Wildlife abounded. Every morning 10-foot tiger sharks breached shallow, turquoise surf to snatch unsuspecting fledgling albatross. Golden 500-pound Hawaiian monk seals bore tiny, jet-black pups on the beach, their afterbirth staining the sand before being washed away by the tide. Thousands of seabirds filled the air with the thick smell of guano. Masked boobies, sooty terns, black albatross, and laysan albatross all laid their eggs on the sand. The turtles, crawling on land to lay their own eggs, inadvertently crushed some of the birds’.



But this island is not pristine. People and their trash wear on the island in ways both acute and chronic. The nets and fishing line entangle and drown turtles, dolphins, and seals; the lighters and plastic bottle caps near the ocean’s surface feed seabirds that then fly hundreds of miles to regurgitate the food back to their young. Printed in English, Chinese, Arabic, and Spanish, the bottles tell of their distant sources.

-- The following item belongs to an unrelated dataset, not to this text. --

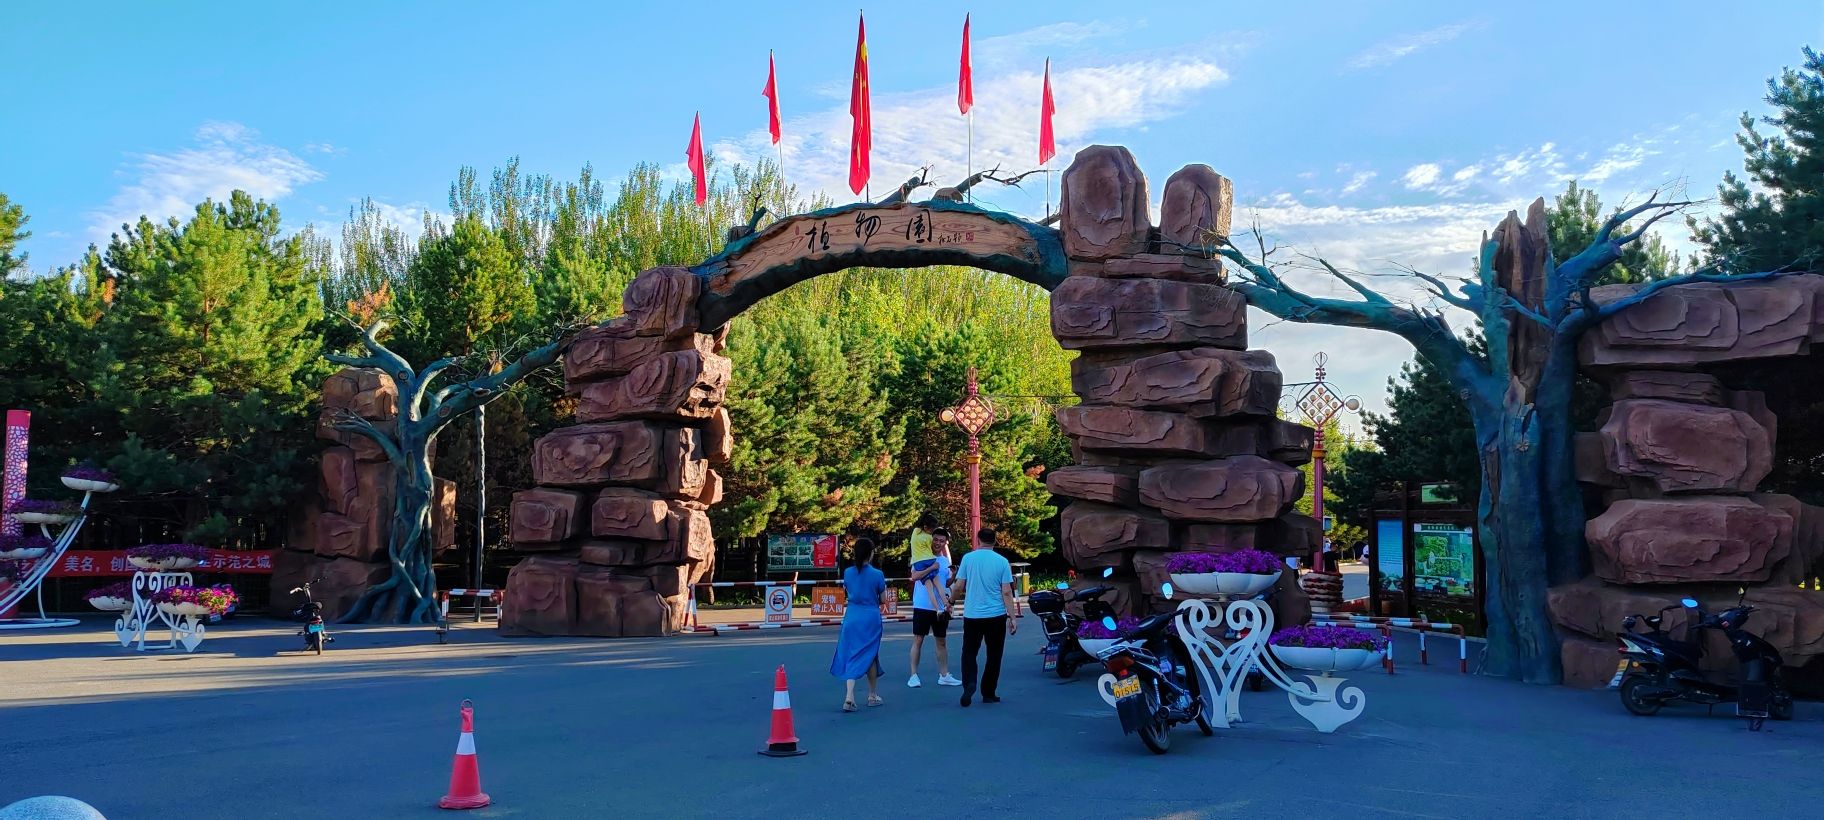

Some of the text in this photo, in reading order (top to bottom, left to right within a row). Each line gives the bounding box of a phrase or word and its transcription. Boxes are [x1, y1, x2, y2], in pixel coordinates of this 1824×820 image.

Now, I understand there is a more powerful force affecting the island. It is less obvious than giant drift nets and worn glass bottles, and beyond the observations of poets. It is the result of miniscule changes over decades, centuries, and even millennia recorded by scientists that detail rising temperatures, carbon dioxide levels, and retreating ice.

The oceans are rising. Last June, as I trudged through sand and crawled behind turtles, President Bush protected the islands and their surrounding water in the most dramatic pro-environment moment of his presidency. Around the same time, scientists published a study that predicted the islands on the atoll could lose 65 percent of their land in the next 100 years due to a bloated Pacific.

Last week, almost one year later, Bush proposed a non-binding, international plan to reduce emissions. Skeptics say his plan takes away from international goals, while supporters point to it as a sign of hope. Whether his plan is beneficial or not, it represents another turn in his policy on climate change. To some extent, the turn just feels like political circling. Months after the Supreme Court ruled that the EPA has the authority to regulate greenhouse gas emissions from cars, no decisive action has been taken. Still, it is a slight turn, certainly large enough to be noticed by a scientist, but lacking the starkness that would appeal to a poet's perception.

I can’t help thinking that Neruda’s observation should be twisted around and focused on minute changes beyond instantaneous human perception. Because humanity’s hand does not just wear on objects, it warms the earth, raises seas, and drowns islands. Slow and imperceptible as these effects might once have seemed, thanks to the generational observations of climatologists, human interference is now as obvious and disturbing as the political silence waiting to be shattered under the mounting weight of science.